Packers left tackle Marshall Newhouse said Davis and his support staff stress player programs "ad nauseum."
"There's no way to avoid it," Newhouse said. "They expose everybody that comes into the building about all the stuff the Packers and NFL provide. It's incumbent on the guys to make use of the services. But we've all gotten at least a pamphlet, presentation or had somebody come and tell us what is available to us."
That doesn't mean the NFL and NFLPA are complacent in their efforts, especially in light of what happened with Belcher and Brent. The union hopes to increase outreach to incoming NFL hopefuls beginning with the NFLPA Collegiate Bowl for draft prospects in January.
Vincent said the NFL is considering a more "in-your-face" approach with players that will include messages sent via emails, texts and social media.

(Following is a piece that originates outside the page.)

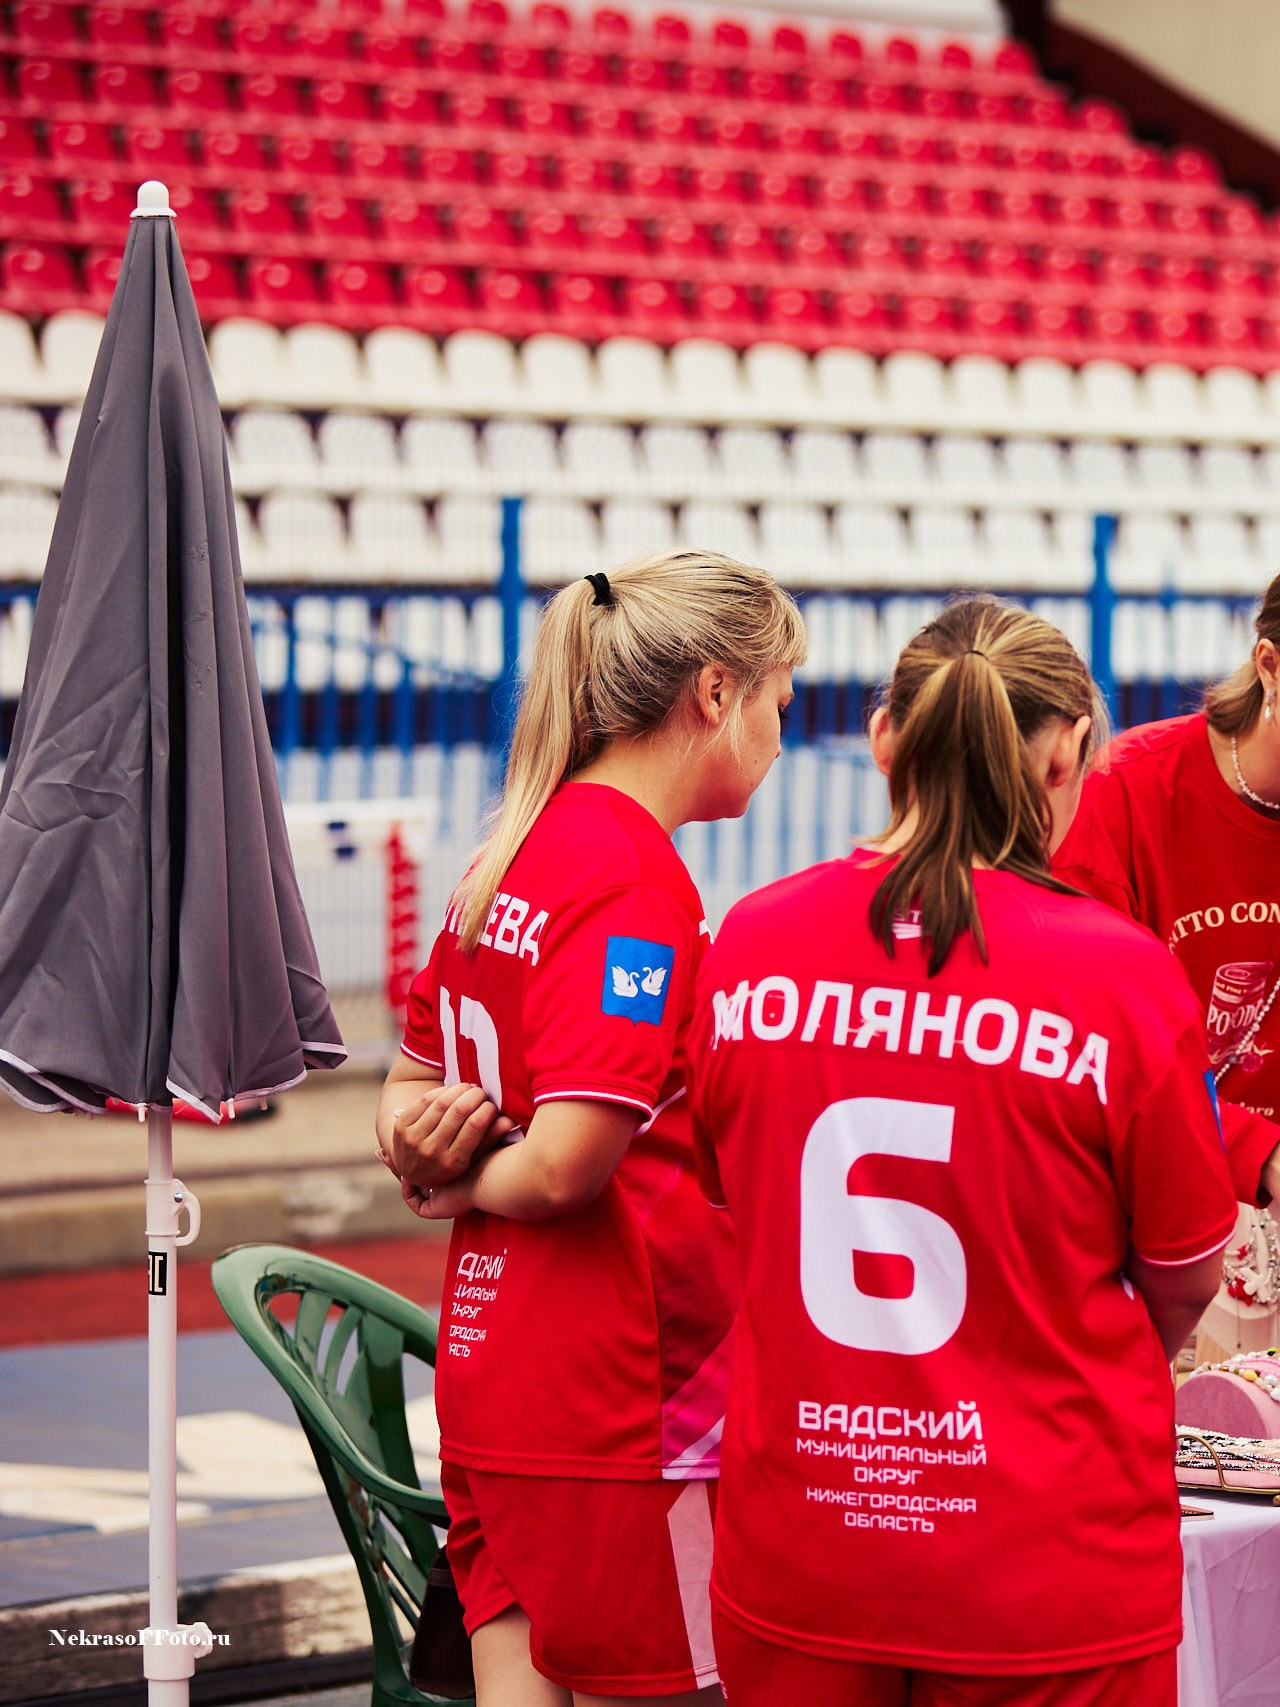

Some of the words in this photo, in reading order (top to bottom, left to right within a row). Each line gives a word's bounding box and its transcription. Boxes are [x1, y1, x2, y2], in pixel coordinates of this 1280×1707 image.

"Maybe it will just be a quick text message saying, 'Hey, the safe ride is available,' or 'Think about your neighbor and hold each other accountable,' " Vincent said. "Going into the offseason is where players now have more (free) time. We want stay in front of them all the time about these issues that have plagued us over the year."
Adam Jones suggested that the NFL do a better job cultivating relationships with rookies and younger players who may feel marginalized after the impersonal pre-draft scouting process.

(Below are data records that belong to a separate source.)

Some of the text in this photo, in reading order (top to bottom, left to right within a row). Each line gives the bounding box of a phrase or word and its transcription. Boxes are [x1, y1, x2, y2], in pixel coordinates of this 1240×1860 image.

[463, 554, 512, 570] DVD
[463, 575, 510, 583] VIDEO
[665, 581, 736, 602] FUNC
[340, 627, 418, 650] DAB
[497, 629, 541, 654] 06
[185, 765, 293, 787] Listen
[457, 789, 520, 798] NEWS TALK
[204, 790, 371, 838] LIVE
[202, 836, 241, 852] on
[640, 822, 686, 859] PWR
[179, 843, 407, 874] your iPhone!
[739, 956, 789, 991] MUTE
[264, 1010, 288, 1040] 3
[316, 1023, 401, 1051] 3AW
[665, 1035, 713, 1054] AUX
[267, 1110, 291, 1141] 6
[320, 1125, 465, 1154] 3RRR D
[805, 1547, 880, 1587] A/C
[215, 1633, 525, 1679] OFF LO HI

"Guys come into the league not trusting anybody," Jones said. "You get drug tested at the (NFL Scouting) Combine, they get your blood, do this and do that, and you don't know what's going on. It's almost like a meat market. It becomes, 'I don't want nobody to know what my problem is because it might affect me getting a job or getting on a team or being this pick.' "
THE NFL STILL IS A BUSINESS
The NFL didn't have these types of programs decades ago until too many players began entering the league with off-field baggage. Then-NFL Commissioner Paul Tagliabue and late NFLPA executive director Gene Upshaw built the foundation of a support system that grows more each year.
"I can't imagine any other industry outside the military that spends as much time, effort and money on employee assistance programs than does then NFL," said former Indianapolis Colts president Bill Polian, who was part of the original group of league executives that suggested Tagliabue institute player assistance programs.
Even with this outreach, Davis -- working in his sensitive role in Packers player development -- knows the cold reality of the NFL.
"Ultimately in this game, we pay you to play," he said. "We don't pay you to counsel you or (make sure) your relationships (are good)."
For those who don't take advantage of what the league is offering, Polian has little sympathy.
"The most unfortunate part of this is that innocent people suffer needlessly," Polian told FOXSports.com. "Some people simply cannot be reached."
Belcher and Brent, unfortunately, were two of them.